CNN's Rob Marciano posts a photo of his butt
(In jeans of course, not naked.)
Italian-American booty!
https%3A//twitter.com/%23%21/robmarcianoCNN/status/164794161017536513
Don%20Lemon- direct link:
https://c0014159.ssl.cf1.rackcdn.com/x2_ab6467a
- You see Don, this is why CNN is failing. You spend way too much time taking and uploading pics of each other's asses to twitter instead of working!
- Is this Boston Rob from Survivor?
- Nope, it's Rob Marciano, the CNN weatherdouche.
- So what do you think of its size?
Sidney%20Crosby
- I bet he has dingleberries
- He is so cute
- I saw him near Rockefeller Center 3 years ago- he is drop dead gorgeous in person and I would lick his ass raw if he so desired.
- He's a Republican homophobic pig.
- He was with Anderson during the storm. Anderson was drooling. Rob is a complete hottie.
- He got promoted to the boss of Entertainment tonight
http://www.projectqatlanta.com/news_articles/view/wednesday_rob_marcianos_warm_front%3Fgid%3D3547
- How did such a homophobe get to headline a show like ET? And how did anyone so beautiful end up being straight? Or is he ...
- He looks like a younger version of Stephen Moyer who plays Vampire Bill on True Blood.
- He looks like a younger version of True Blood's Stephen Moyer. He's really cute. I have started watching Entertainment Tonight just because of him.
- R14, will you post that yet again in an hour and hourly thereafter to remind us? Thanks.
- Anderson Cooper used to have a crush on him.
- Could you fuck off, r15? It is not my fault that it takes so long for some responses to post to a thread. Take it up with the Webmaster.
r14%20and%20r13
- He looks like a younger version of Stephen Moyer who plays Vampire Bill on True Blood.

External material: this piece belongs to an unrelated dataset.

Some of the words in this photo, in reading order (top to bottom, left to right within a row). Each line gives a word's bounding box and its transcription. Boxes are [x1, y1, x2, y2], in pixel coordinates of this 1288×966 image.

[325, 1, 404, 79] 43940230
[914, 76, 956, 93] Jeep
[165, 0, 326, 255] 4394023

- Robby: I watched ET last night. PLEASE, fly me to Hollywood--your wardrobe person"sucks!" I am a former male runway model for Brooks Brothers, i.e, working for John Malloy, author of: "DRESS FOR SUCCESS". Please do not be too sensitive, but your dark jacket was horribly tailored(too short and buttoned the front of the jacket caused the jacket to buckle and wrinkle on both sides of the long lapels). Loose the pink shirt. Loose the Prada shoes. You may hire me and we shall not go to Rodeo Drive--puke! The 17 Gold Medal Tailor and "the very best custom tailor(West of Denver is NOT in Hollywood--trust me!) My name is: Rod McLean, 503-318-9655, rodmclean1@lycos.com Upto you my friend....Rod
http://www.rodmclean1@lycos.com
Rod%20McLean
- He is awful on ET--very wooden and awful chemistry with his female costars. They need someone like Carson Kressley on that show who knows how to camp it up and not take entertainment "news" seriously.

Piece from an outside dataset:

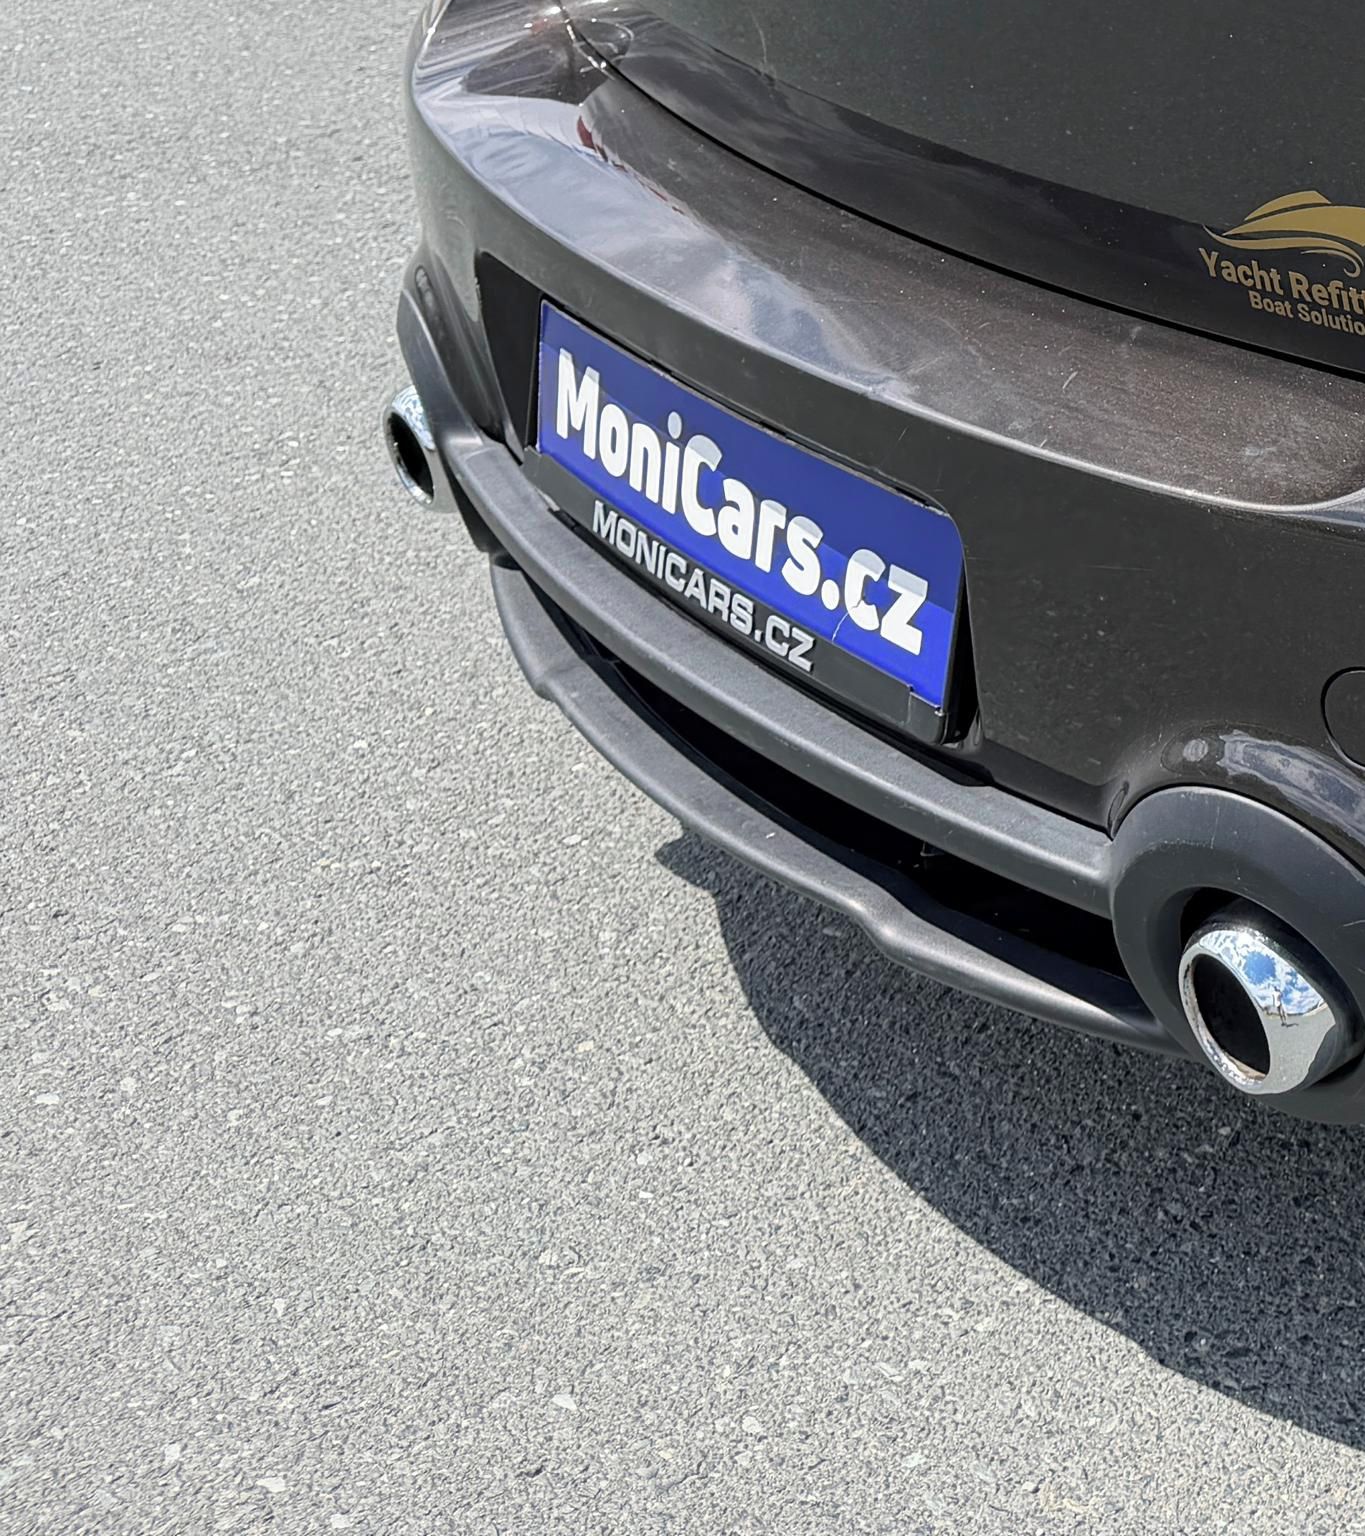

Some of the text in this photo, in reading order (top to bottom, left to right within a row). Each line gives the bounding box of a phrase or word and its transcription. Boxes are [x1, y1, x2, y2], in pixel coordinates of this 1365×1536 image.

- The Carson suggestion is brilliant, R20! They really need to find hotter gay reporters (Kojo and that fat pretentious dude they featured recently cause me to scramble for the remote every time I happen to watch).
I loved Rob, but, alas, the rumors of his homophobia have tainted that love.
I'd still suck the cream out of his cannoli if he presented it to me.
http://www.tabloidprodigy.com/wp-content/uploads/2009/07/rob-marciano-photo-scandal-shirtless.jpg
I%27d%20also%20lick%20his%20flip-flopped%20feet.
- If you wanted to live a normal life and you had all these freaks into piss and shit and bestiality posting about you, you'd be a little put off too.
- Didn't Rob Marciano get his girlfriend pregnant before he married her?
- The Twitter photo that Rob posted leaves me cold. Not hot. Not even warm. In previews he looks sizzling ... but such a disappointment. All image. The rest is but burned bar-b-que.
- He's not meant to be a porn star, R24
- He strikes me as way less cute on the air than he looks in his photos. Something about his teeth looks a little fucked-up and he also lacks real presence as an anchor. Weird choice by ET's producers.
- An antipope (Latin: antipapa) is a person who, in opposition to the one who is generally seen as the legitimately elected Pope, makes a significantly accepted competing claim to be the Pope,
- That is a classic married-guy ass. Sadly. TV, food, with only exercise being deadly routine boning.
- I bet his butt is hairy with dingle berries.